【发布时间】:2014-01-04 03:04:21
【问题描述】:
我目前正在编写一个程序,该程序将帮助用户确定在 tumblr 上发帖的最佳时间。与 Twitter 一样,大多数追随者拥有如此多的订阅,以至于他们无法跟上,这意味着最好知道自己的特定追随者何时(大部分)在线。在 tumblr 上,这可以通过两种方式来确定 - 首先,他们最近是否分享了最近发布的任何内容,其次,他们最近是否已将其添加到喜欢的帖子列表中。
令人沮丧的是,即使设置为“公开”,任意用户(除了自己)的点赞帖子流也仅对登录实体可用。据我所知,这意味着我必须每隔一段时间向应用程序上传一个登录 cookie,或者让这个 post-request 正常工作。
我已经通过 Opera 的检查器查看了许多成功的出站请求,但我肯定还是遗漏了一些东西,或者可能 requests 正在做一些服务器拒绝的事情,无论我做什么。
问题的本质如下。这目前是用 Python 2.7 编写的 并使用Python requests 和BeautifulSoup。要自己运行它,请将 get_login_response() 顶部的 e 和 p 对更新为一组真实值。
import requests
from bs4 import BeautifulSoup
class Login:
def __init__(self):
self.session = requests.session()
def get_hidden_fields(self):
""" -> string. tumblr dynamically generates a key for its login forms
This should extract that key from the form so that the POST-data to
login will be accepted.
"""
pageRequest = requests.Request("GET","https://www.tumblr.com/login")
received = self.session.send( pageRequest.prepare() )
html = BeautifulSoup(received.content)
hiddenFieldDict = {}
hiddenFields = html.find_all("input",type="hidden")

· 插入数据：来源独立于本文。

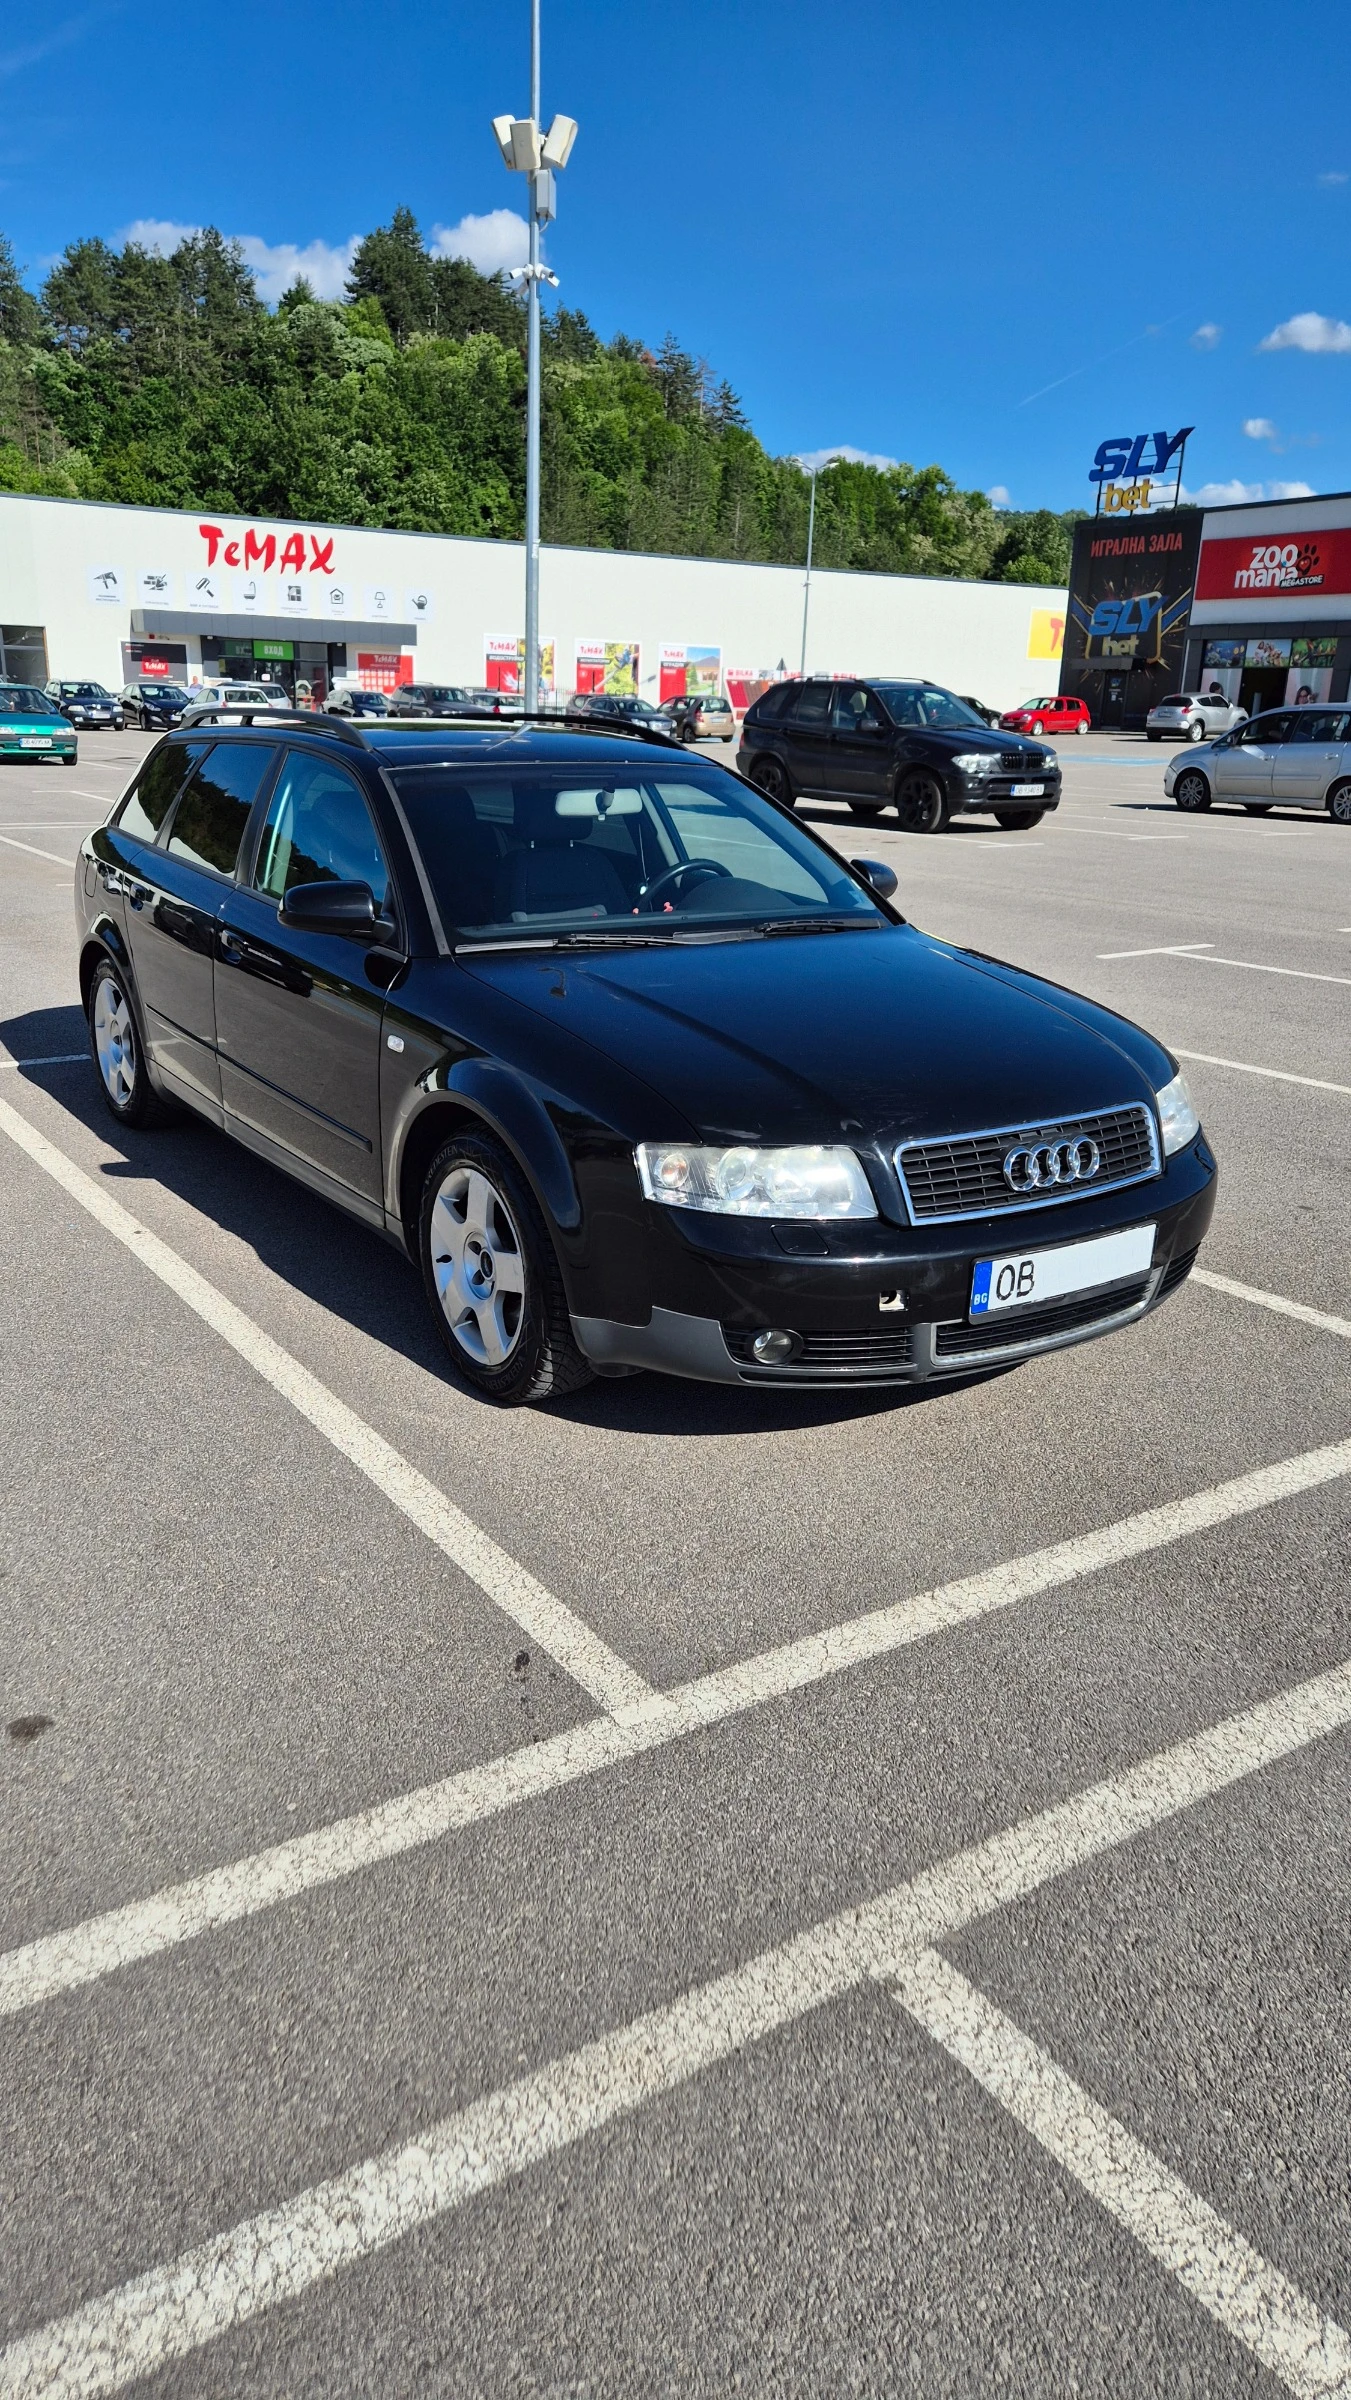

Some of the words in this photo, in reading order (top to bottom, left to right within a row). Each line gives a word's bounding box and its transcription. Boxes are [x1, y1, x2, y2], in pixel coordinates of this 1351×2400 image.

[1088, 426, 1195, 482] SLY
[1105, 478, 1153, 512] bet
[199, 524, 335, 574] TeMAX
[1091, 535, 1145, 557] ИГРАЛНА
[1149, 532, 1183, 552] ЗАЛА
[1234, 566, 1298, 588] mania
[1280, 575, 1323, 588] MEGASTORE
[1088, 595, 1170, 635] SLY
[263, 645, 284, 656] ВХОД
[995, 1259, 1035, 1301] OB
[973, 1292, 988, 1306] BG
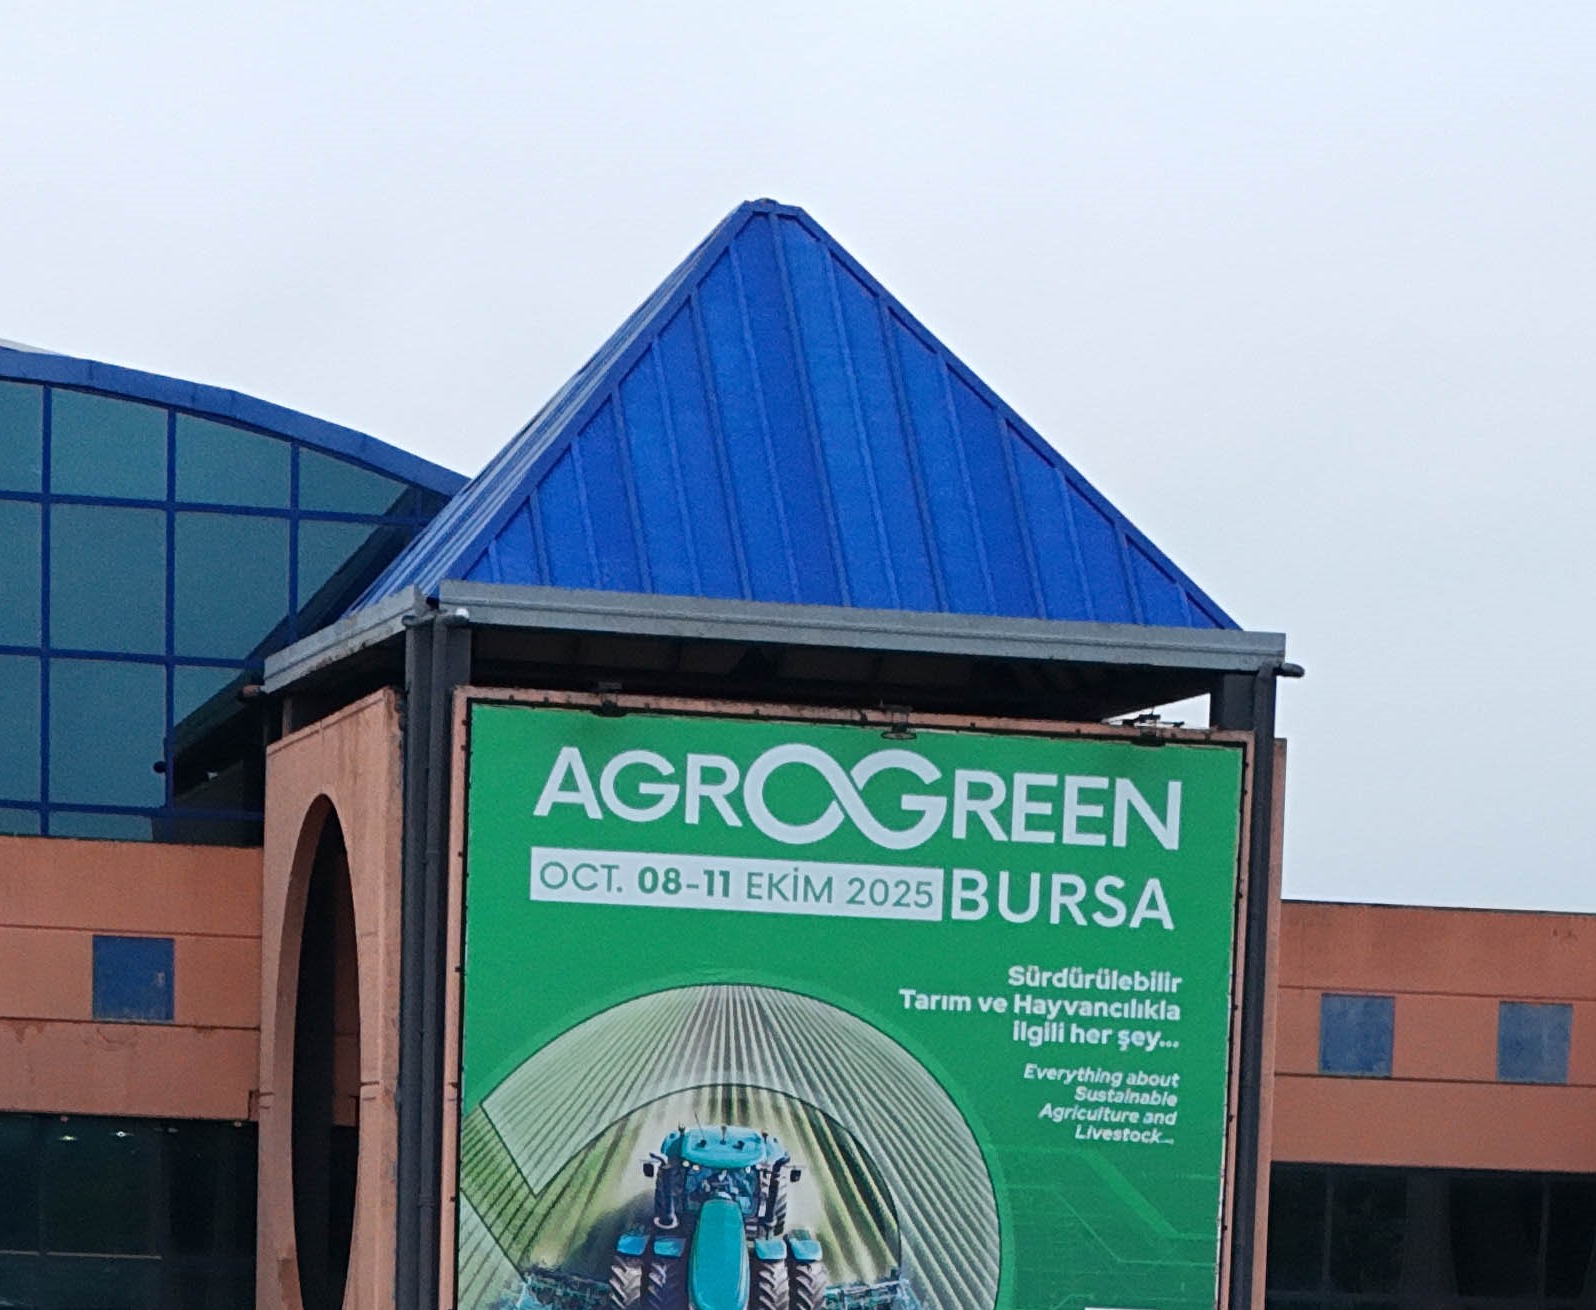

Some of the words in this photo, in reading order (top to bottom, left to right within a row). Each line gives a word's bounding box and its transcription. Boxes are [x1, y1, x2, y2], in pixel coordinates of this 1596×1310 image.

[532, 742, 1181, 852] AGROGREEN
[539, 862, 624, 893] OCT.
[637, 866, 730, 898] 08-11
[746, 866, 834, 903] EKİM
[847, 877, 934, 909] 2025
[950, 868, 1176, 931] BURSA
[1007, 964, 1182, 995] Sürdürülebilir
[898, 989, 974, 1013] Tarım
[979, 998, 1008, 1014] ve
[1012, 994, 1182, 1023] Hayvancılıkla
[1012, 1020, 1065, 1045] ilgili
[1070, 1021, 1112, 1044] her
[1118, 1028, 1179, 1052] şey...
[1023, 1063, 1122, 1087] Everything
[1127, 1070, 1179, 1087] about
[1074, 1086, 1178, 1106] Sustainable
[1039, 1104, 1139, 1125] Agriculture
[1144, 1109, 1177, 1125] and

for x in hiddenFields: hiddenFieldDict[x["name"]]=x["value"]
return hiddenFieldDict
def get_login_response(self):
e = u"dead@live.com"
p = u"password"
endpoint = u"https://tumblr.com/login"
payload = { u"user[email]": e,
u"user[password]": p,
u"user[age]":u"",
u"tumblelog[name]": u"",
u"host": u"www.tumblr.com",
u"Connection:":u"keep-alive",
u"Context":u"login",
u"recaptcha_response_field":u""
}
payload.update( self.get_hidden_fields() )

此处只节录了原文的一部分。